Scientific classification
- Kingdom: Animalia
- Phylum: Mollusca
- Class: Gastropoda
- Subclass: Vetigastropoda
- Order: Trochida
- Family: Liotiidae
- Subfamily: Liotiinae
- Genus: Liotia
- Species: L. fenestrata
- Binomial name: Liotia fenestrata Carpenter, 1864
- Synonyms: Liotia cookeana Dall, 1918

= Liotia fenestrata =

- Authority: Carpenter, 1864
- Synonyms: Liotia cookeana Dall, 1918

Species of gastropod

Liotia fenestrata is a species of sea snail, a marine gastropod mollusk in the family Liotiidae.

==Description==
The small, brownish white shell is clathrate by equidistant spiral and radiating riblets, with deep interstices. Its shape is at first subdiscoidal, but later variable. The apex is depressed. The nuclear whorls are flat and smooth. The teleoconch contains 2½ convex whorls. It is clathrate
by about 15 equidistant radiating and 7 spiral ribs, with deep pitted interspaces.
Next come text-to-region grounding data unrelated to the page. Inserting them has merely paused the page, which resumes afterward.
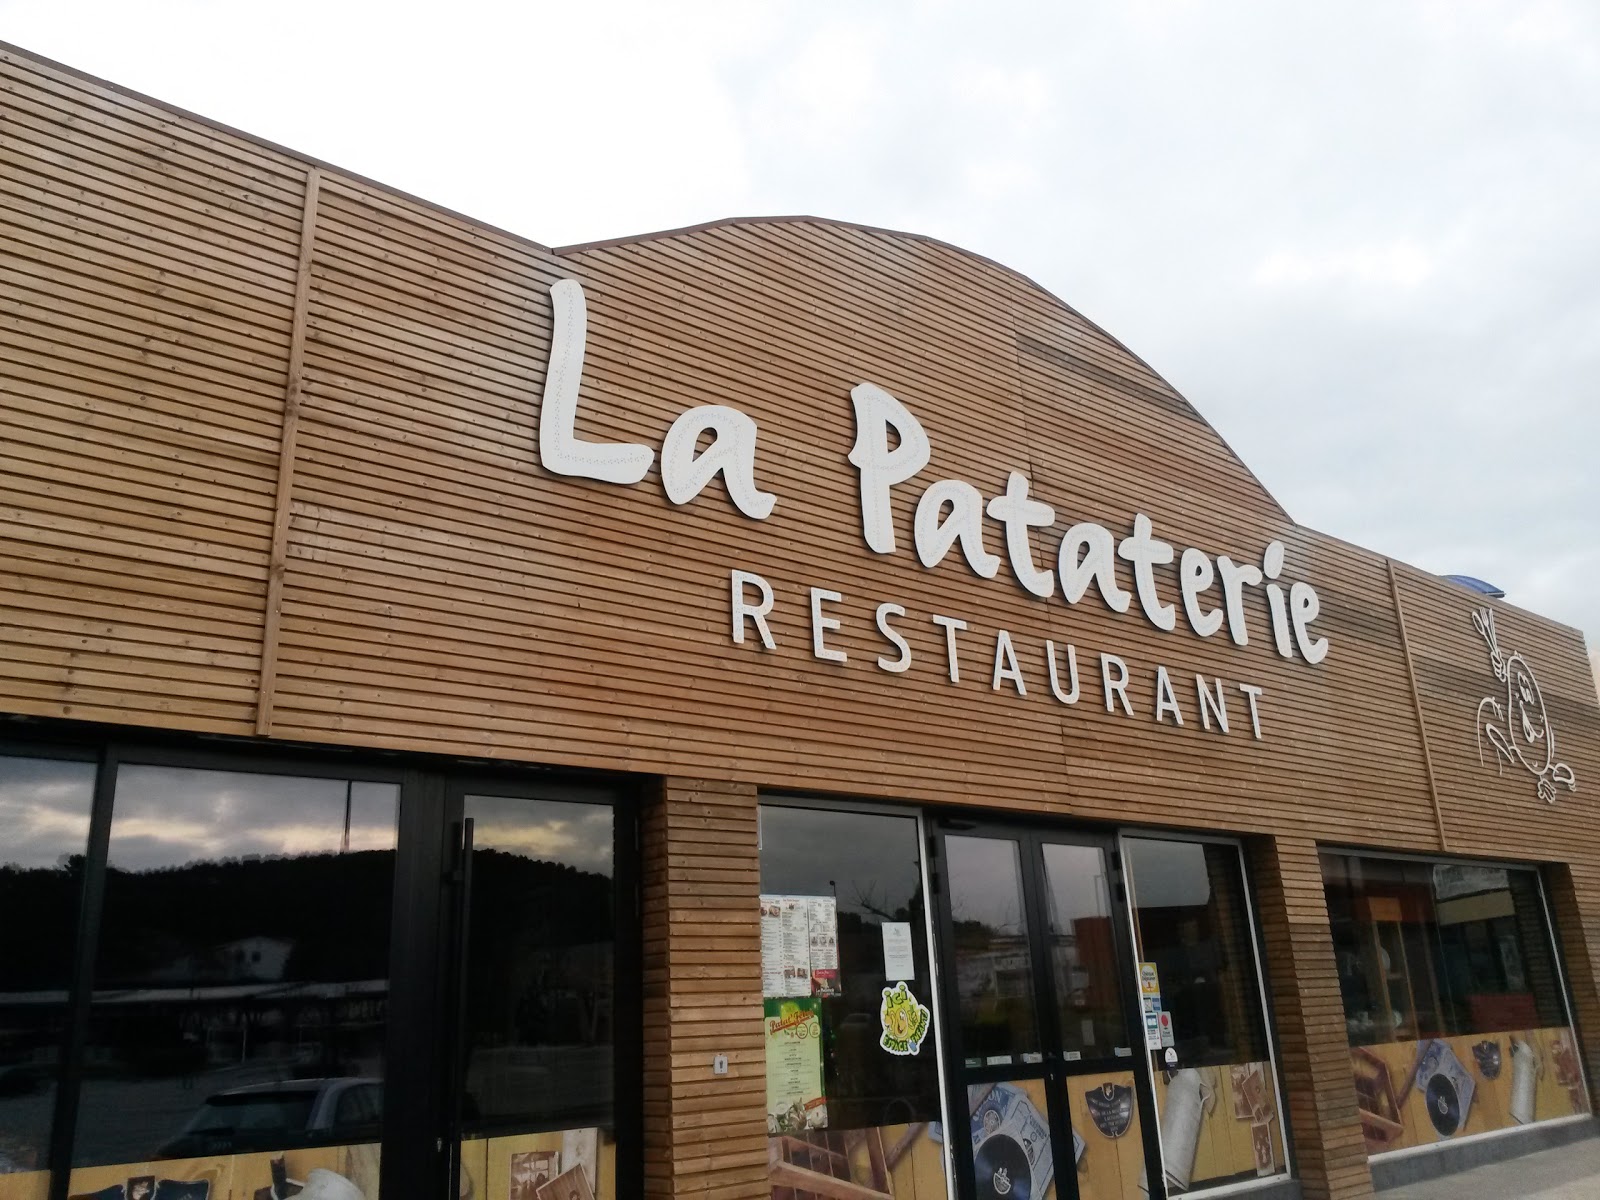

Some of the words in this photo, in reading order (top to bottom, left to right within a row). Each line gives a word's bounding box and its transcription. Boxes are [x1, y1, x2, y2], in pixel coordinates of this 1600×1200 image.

[537, 278, 778, 521] La
[847, 382, 1330, 665] Pataterie
[730, 568, 1265, 740] RESTAURANT
[883, 1034, 909, 1052] ESPACE
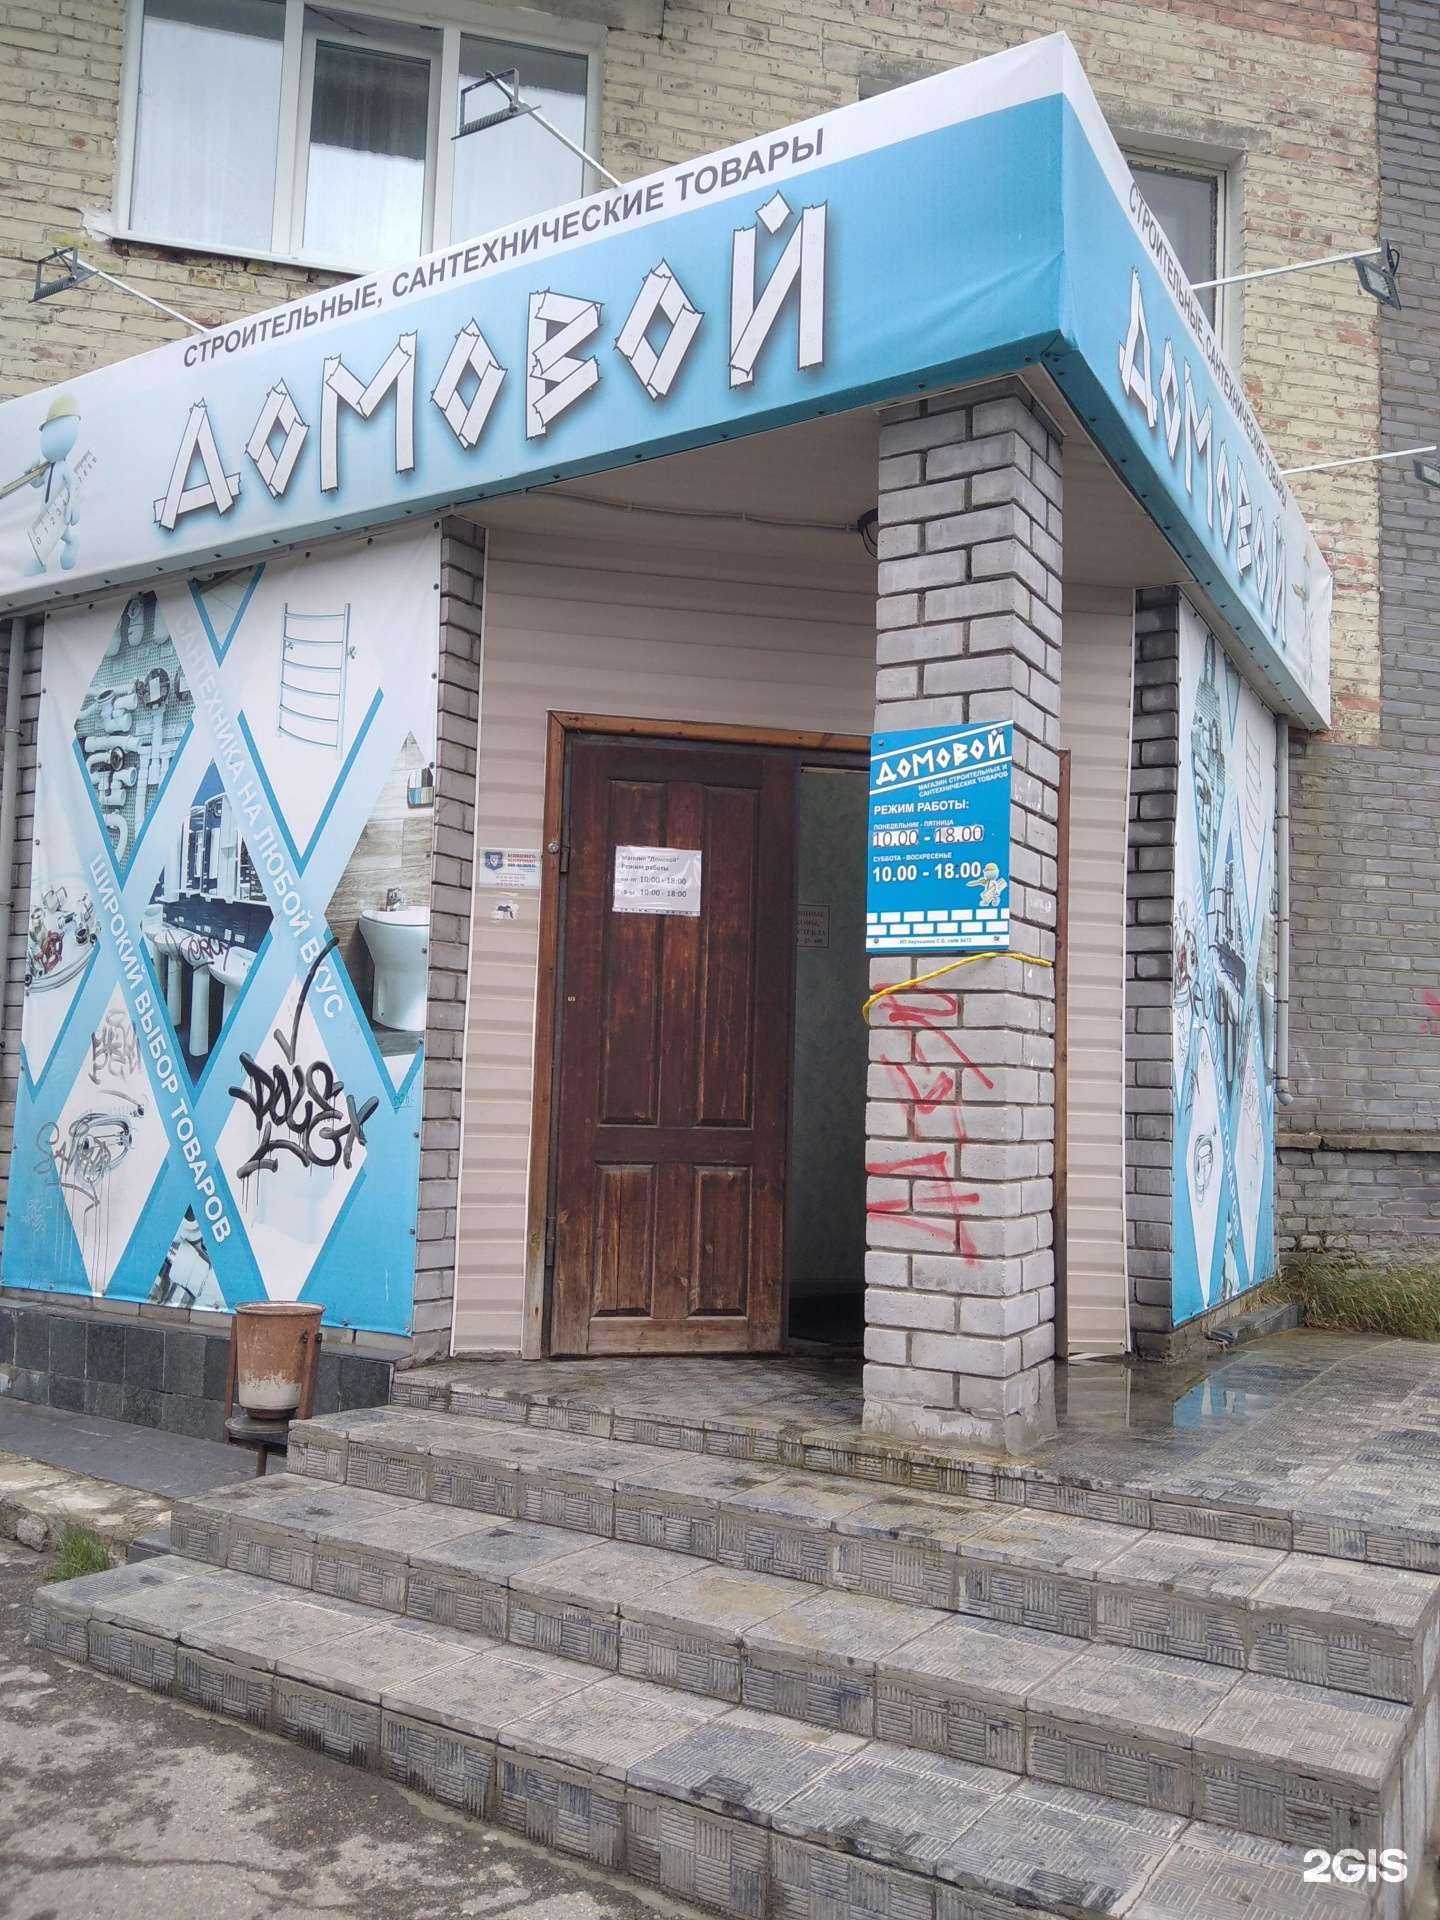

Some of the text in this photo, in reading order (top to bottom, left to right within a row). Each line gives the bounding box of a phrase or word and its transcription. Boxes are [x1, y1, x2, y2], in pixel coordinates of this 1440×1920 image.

[183, 127, 824, 368] СТРОИТЕЛЬНЫЕ, САНТЕХНИЧЕСКИЕ ТОВАРЫ
[152, 189, 830, 533] ДОМОВОЙ
[1118, 264, 1287, 650] ДОМОВОЙ
[174, 613, 245, 781] САНТЕХНИКА
[238, 781, 264, 828] НА
[253, 824, 314, 938] ЛЮБОЙ
[875, 729, 1007, 787] ДОМОВОЙ
[978, 770, 1009, 784] ТОВАРОВ
[918, 778, 948, 792] МАГАЗИН
[948, 767, 1002, 784] СТРОИТЕЛЬНЫХ
[873, 822, 919, 831] ПОНЕДЕЛЬНИК
[923, 819, 954, 828] ПЯТНИЦА
[874, 799, 970, 815] РЕЖИМ РАБОТЫ:
[873, 855, 901, 863] СУББОТА
[906, 852, 953, 861] ВОСКРЕСЕНЬЕ
[873, 865, 917, 882] 10.00
[934, 861, 981, 880] 18.00
[90, 856, 143, 990] ШИРОКИЙ
[134, 990, 179, 1096] ВЫБОР
[170, 1097, 232, 1243] ТОВАРОВ
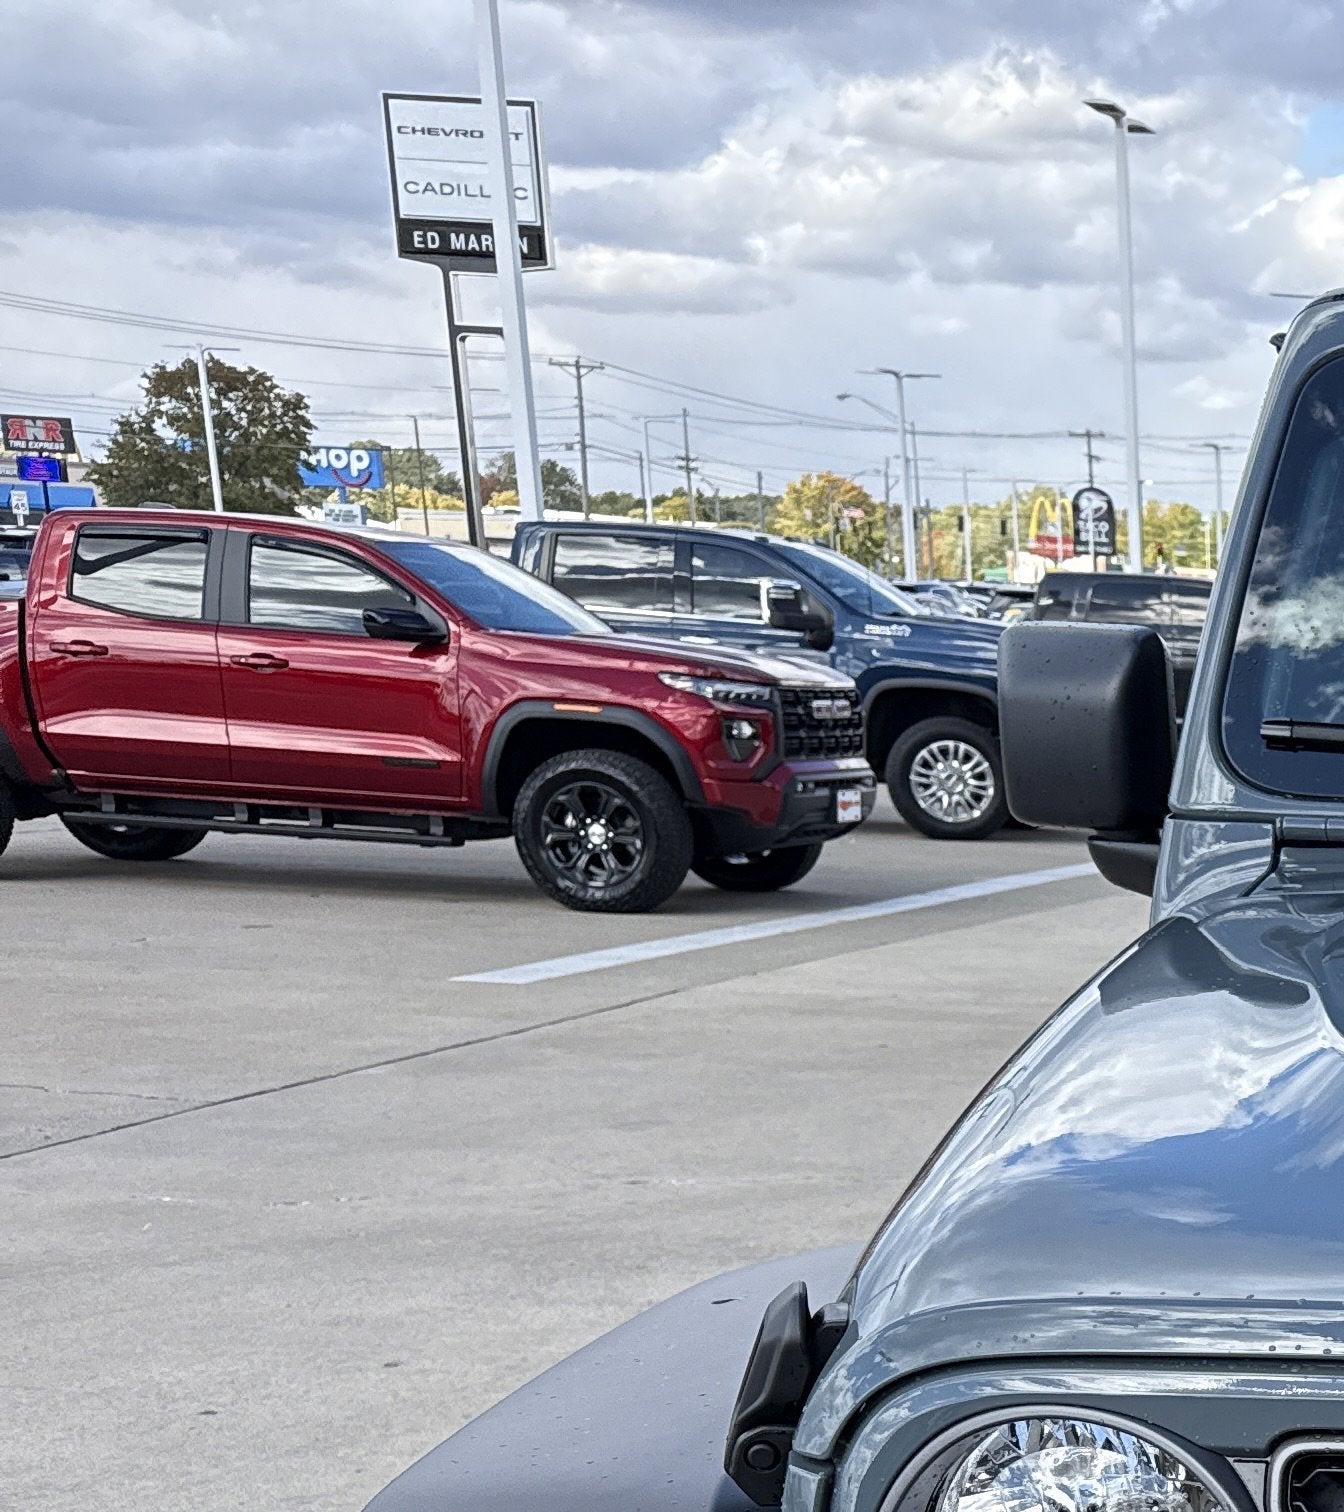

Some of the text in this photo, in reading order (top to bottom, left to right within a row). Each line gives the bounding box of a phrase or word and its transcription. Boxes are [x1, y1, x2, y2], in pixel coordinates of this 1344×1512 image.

[396, 125, 524, 141] CHEVROT
[403, 180, 529, 201] CADILLC
[412, 231, 528, 254] ED MARN
The sculpture terminates with a spiral ridge surrounding the rather wide, deep umbilicus. The circular aperture is frequently slightly sloping and is slightly attached to the parietal wall. The inner lip is sinuated in the umbilical region.

==Distribution==
This marine species occurs in the Pacific Ocean off California.